Drain use for bariatric procedures with an anastomosis has been considered the standard of care for many years. With an increased use of laparoscopic approaches, the routine use of drains has been questioned. Our aim was to evaluate predictors of postoperative complications in patients who underwent laparoscopic bariatric procedures.


The Metabolic and Bariatric Surgery Accreditation and Quality Improvement Program (MBSAQIP®) was queried for adult patients who underwent laparoscopic Roux-en-Y gastric bypass (RYGB), sleeve gastrectomy (SG), and BPD/DS in 2015. Only patients with primary bariatric procedure who had a leak test performed during operation were included. Primary outcomes were peri/postoperative complications, defined as presence of one or more of the following: leak, morbidities (cardiovascular, renal, respiratory, and neurologic), mortality or surgery-related infection. Demographics, preoperative comorbidities, length of stay (LOS), and intra-abdominal drain placed at the time of the surgery were also evaluated. Comorbidities present were each given a score of one and totaled for each patient, and were defined as history or presence of cardiovascular, renal, pulmonary, neurologic or obesity-related comorbidities. Chi-square tests and logistic regression were performed using IBM SPSS 23.0, α=0.05.

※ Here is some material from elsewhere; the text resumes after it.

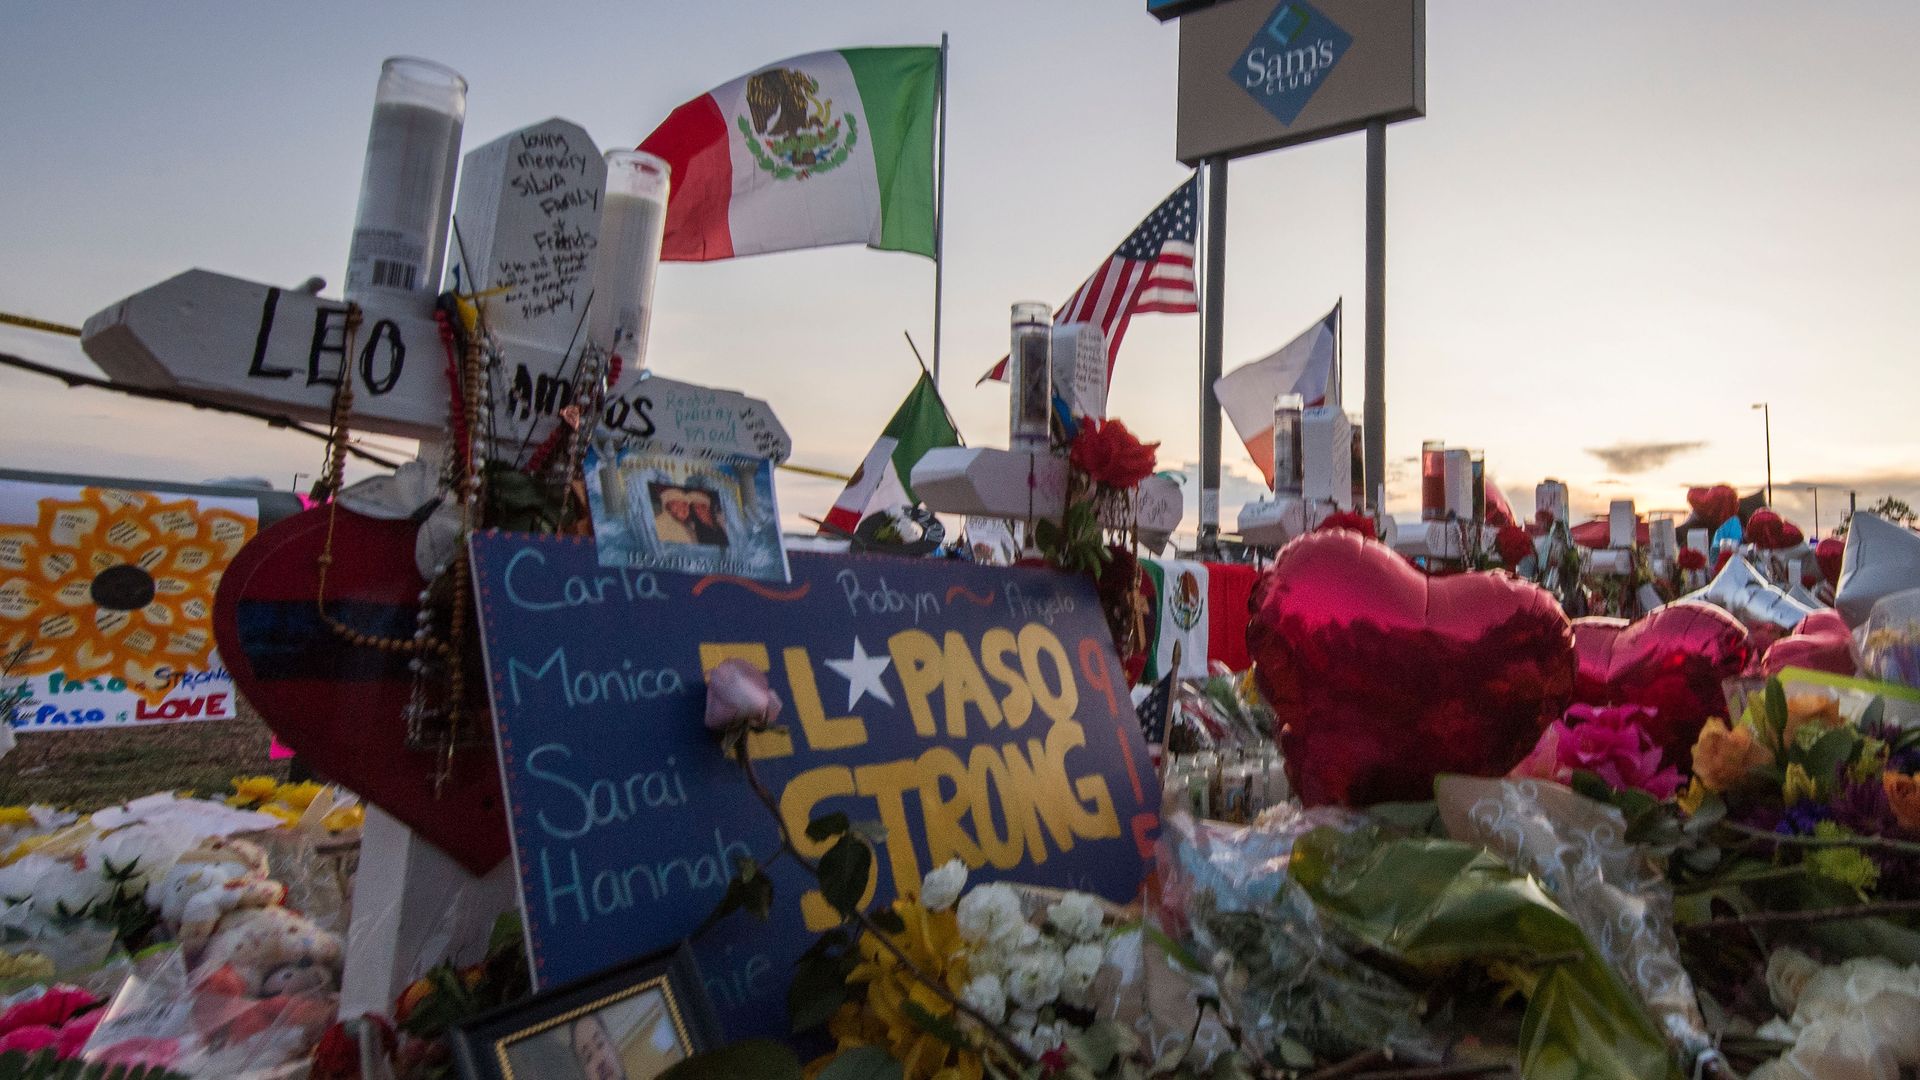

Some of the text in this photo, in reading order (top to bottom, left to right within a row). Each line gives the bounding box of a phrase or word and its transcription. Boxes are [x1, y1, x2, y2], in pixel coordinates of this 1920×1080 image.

89,793 patients (RYGB: N=32,288; SG: N=57,022; BPD/DS: N=483) were included in this study. Overall complication rates were 3.10% for RYGB, 1.60% for SG, and 2.30% for BPD/DS. Leak rate was 1.1% for RYGB, 0.5% for SG, and 1.9% for BPD/DS, p<0.001. Use of drains had a LOS of 2.1 ± 2.2 days versus 1.7 ± 1.8 days for no drain, p<0.001. For RYGB, analysis revealed that placement of abdominal drain and presence of preexisting comorbidities were independent predictors of postoperative complications (Table 1). Likewise, SG patients with preexisting comorbidities, elevated age or drain placement at time of surgery had a higher likelihood of developing postoperative complications. The predictors of postoperative complications analyzed in this study were not significant in the BPD/DS group. BMI, smoking status within one year, and gender were not correlated to postoperative complications in all three procedures.


Abdominal drainage and preexisting comorbidities increase the likelihood of developing postoperative complications in patients who undergo RYGB and SG. Age greater than 53 years was also a predictor in SG patients. Those factors did not seem to affect postoperative complication rates in patients who had BPD/DS. Gender, BMI, and if the patient had smoking within the last year, also did not affect complication rates. Routine drain use should be discouraged based on these data.